In [None]:
#%matplotlib inline
%matplotlib notebook

## Counts By Minute Visualization

There are lots of data that can be best represented over time in terms of how they fit in a daily pattern. E.g. Temperature is lower at night, and higher in the day even as one night in June could be warmer than many days in January in North America.

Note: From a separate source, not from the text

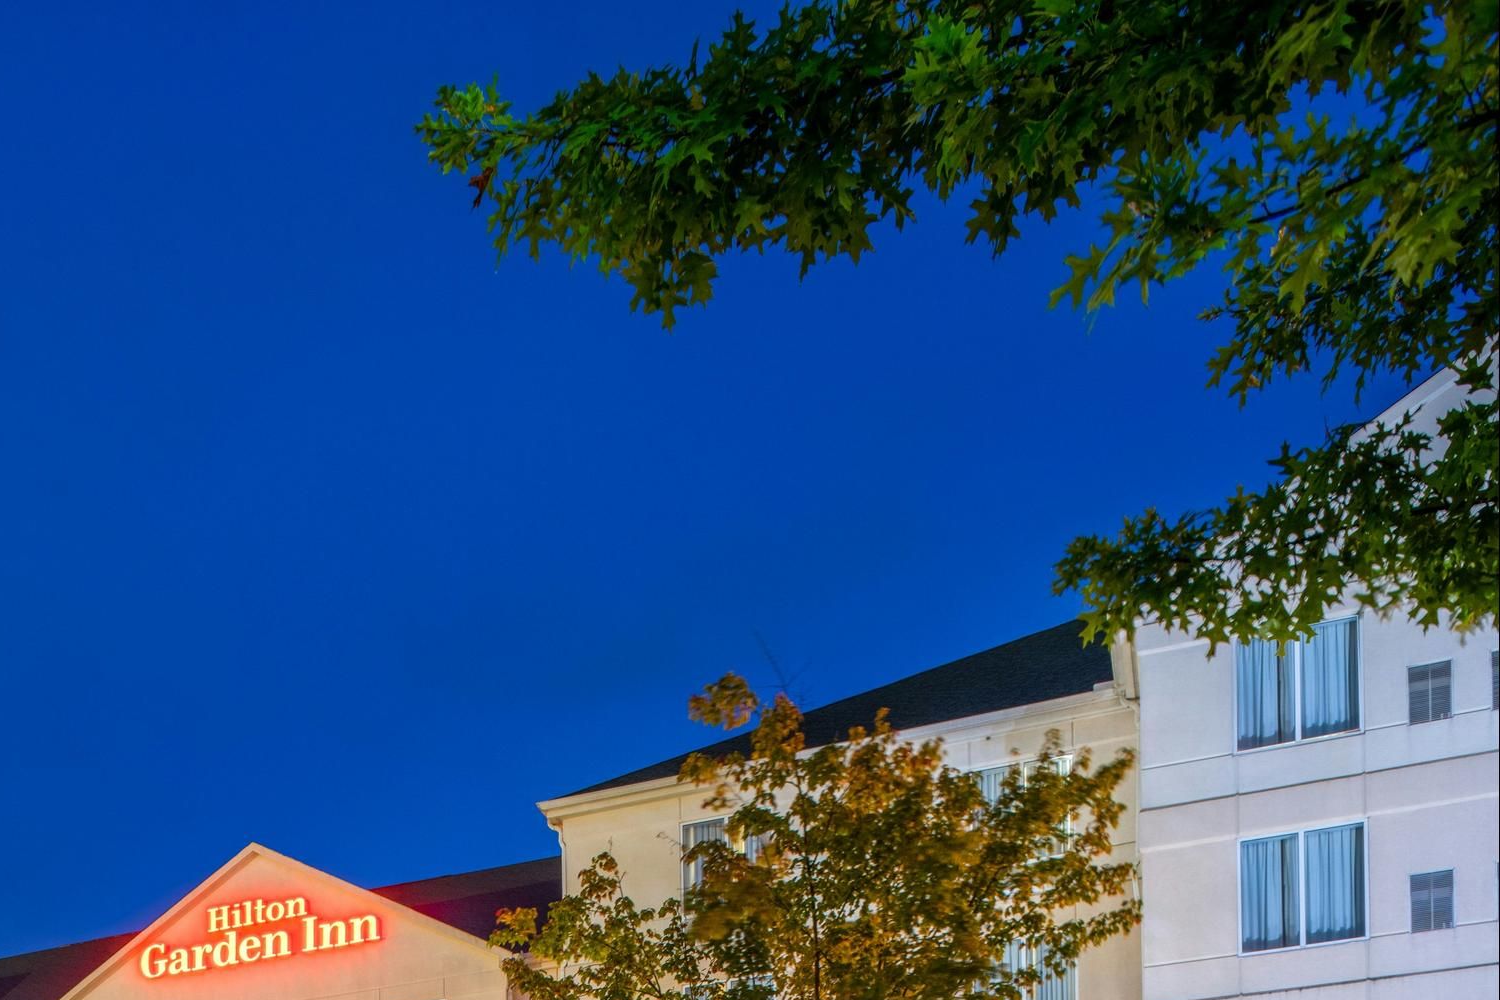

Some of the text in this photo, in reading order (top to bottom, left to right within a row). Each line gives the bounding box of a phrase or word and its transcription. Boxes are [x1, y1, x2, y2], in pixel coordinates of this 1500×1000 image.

Comparing peaks and troughs is less useful without considering time of day, and the day relative to multi-day weather patterns.

This can be applied to user sign-ups in a website, or the speed of computation on background jobs, or .... you name it. This visualization intends to show data over time.

Before you get started, be sure you `brew install ffmpeg` or whatever you need to do on your system.

In [None]:
import datetime

from matplotlib import pyplot as plt
from matplotlib import animation
from matplotlib import patches
from matplotlib import rc
from matplotlib import ticker

import numpy
import pandas

from IPython.display import HTML

### The input
The simplest way to understand the data we are considering is through a query like this: 

```
select 
  date_trunc('minute', created_at)
  , count(*) 
from some_record_type 
group by 1 
order by 1;
```

In [None]:
df = pandas.read_csv('counts_by_minute.csv')
df.head()

## Data Enrichment 
We will benefit from some extra fields here. The key fields are `age` and `minute_mark` for later calculations, but others might help your visualization.

In [None]:
df['datetime']= pandas.to_datetime(df['date_trunc'], infer_datetime_format=True)
df['age'] = df.apply(lambda row: (datetime.datetime.now() - row['datetime']).days, axis=1)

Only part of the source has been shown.